WORK TO COMPLETE - Before you return the entries below, strip out the pictures and keep all else exact.

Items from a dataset
=-=-=
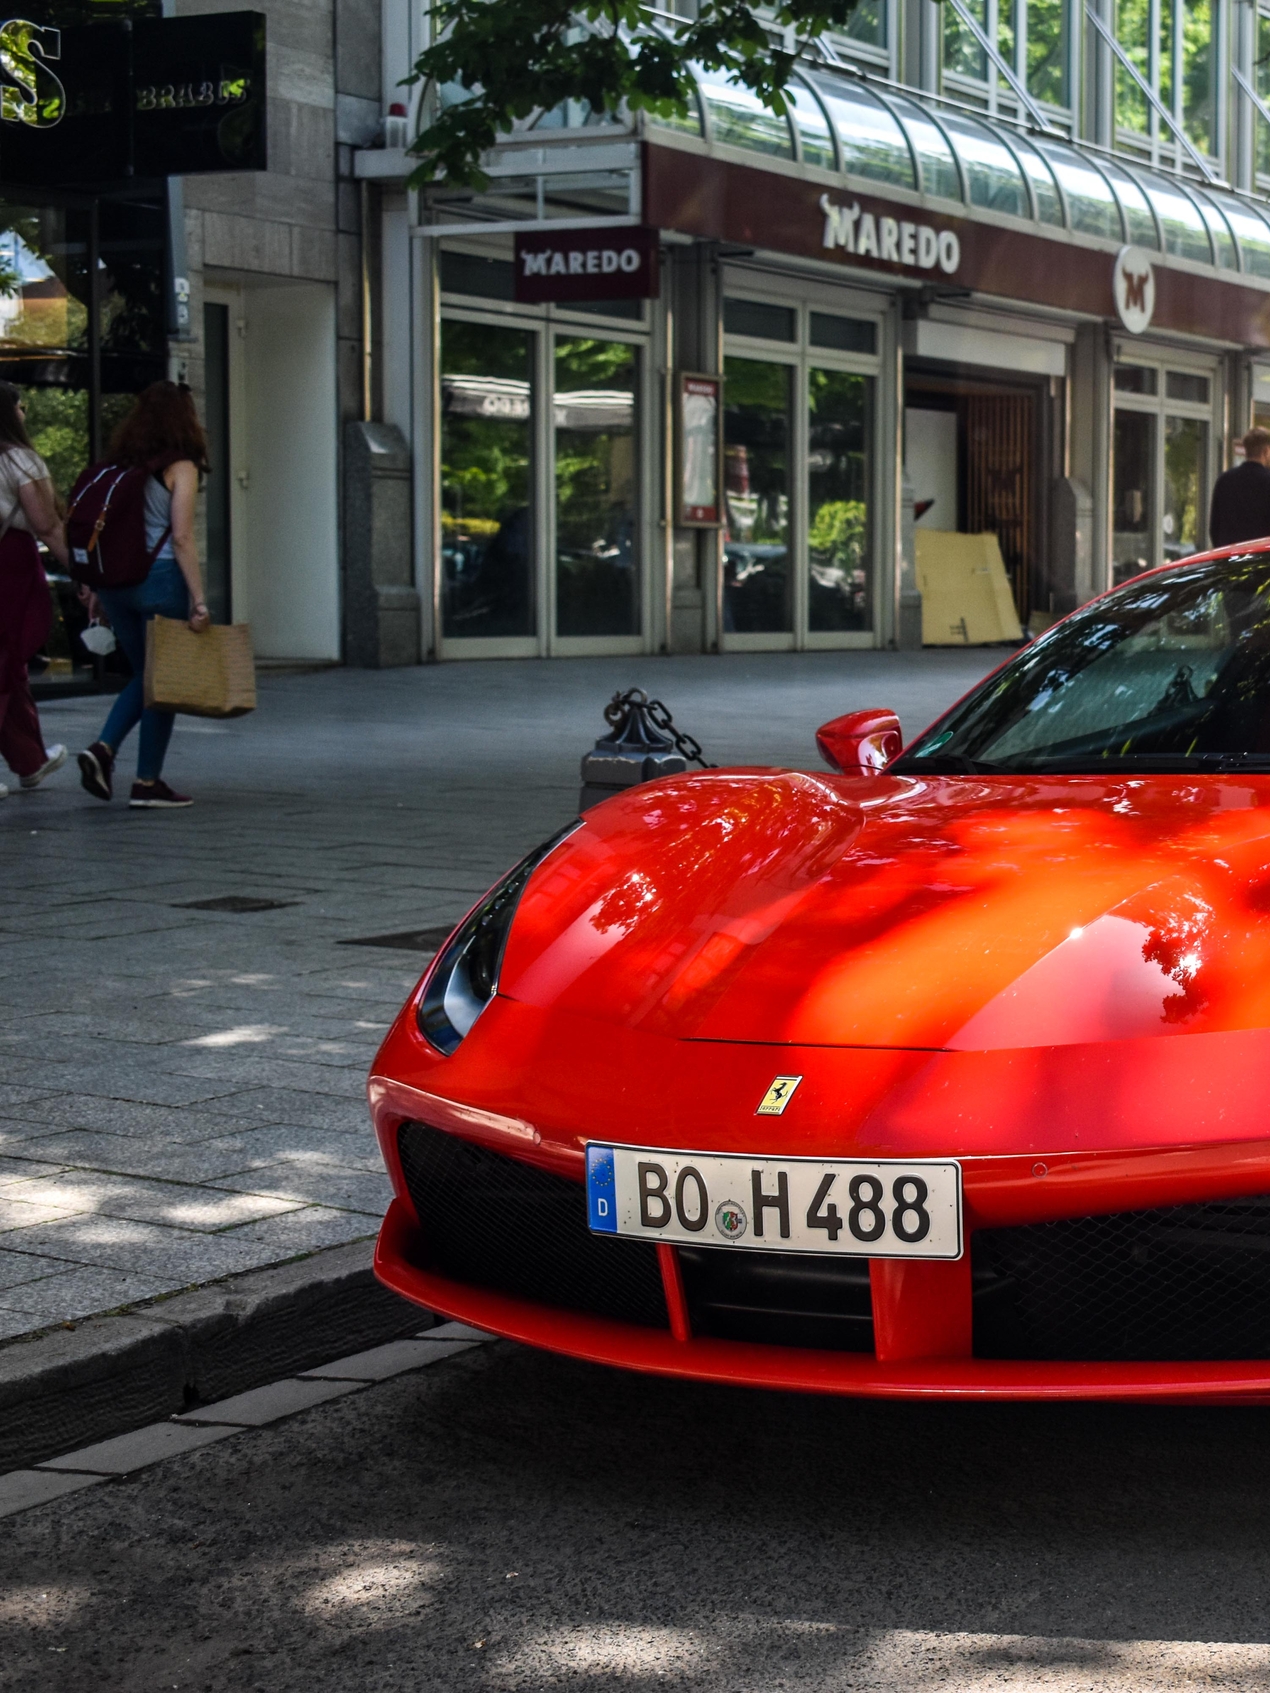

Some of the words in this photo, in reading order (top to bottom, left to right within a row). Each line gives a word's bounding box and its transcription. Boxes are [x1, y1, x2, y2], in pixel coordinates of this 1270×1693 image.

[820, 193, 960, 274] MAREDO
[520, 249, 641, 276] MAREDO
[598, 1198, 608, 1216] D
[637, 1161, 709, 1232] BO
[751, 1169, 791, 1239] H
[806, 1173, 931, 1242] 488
=-=-=
ANSWER TO THE PROBLEM -
Some of the words in this photo, in reading order (top to bottom, left to right within a row). Each line gives a word's bounding box and its transcription. Boxes are [x1, y1, x2, y2], in pixel coordinates of this 1270×1693 image.

[820, 193, 960, 274] MAREDO
[520, 249, 641, 276] MAREDO
[598, 1198, 608, 1216] D
[637, 1161, 709, 1232] BO
[751, 1169, 791, 1239] H
[806, 1173, 931, 1242] 488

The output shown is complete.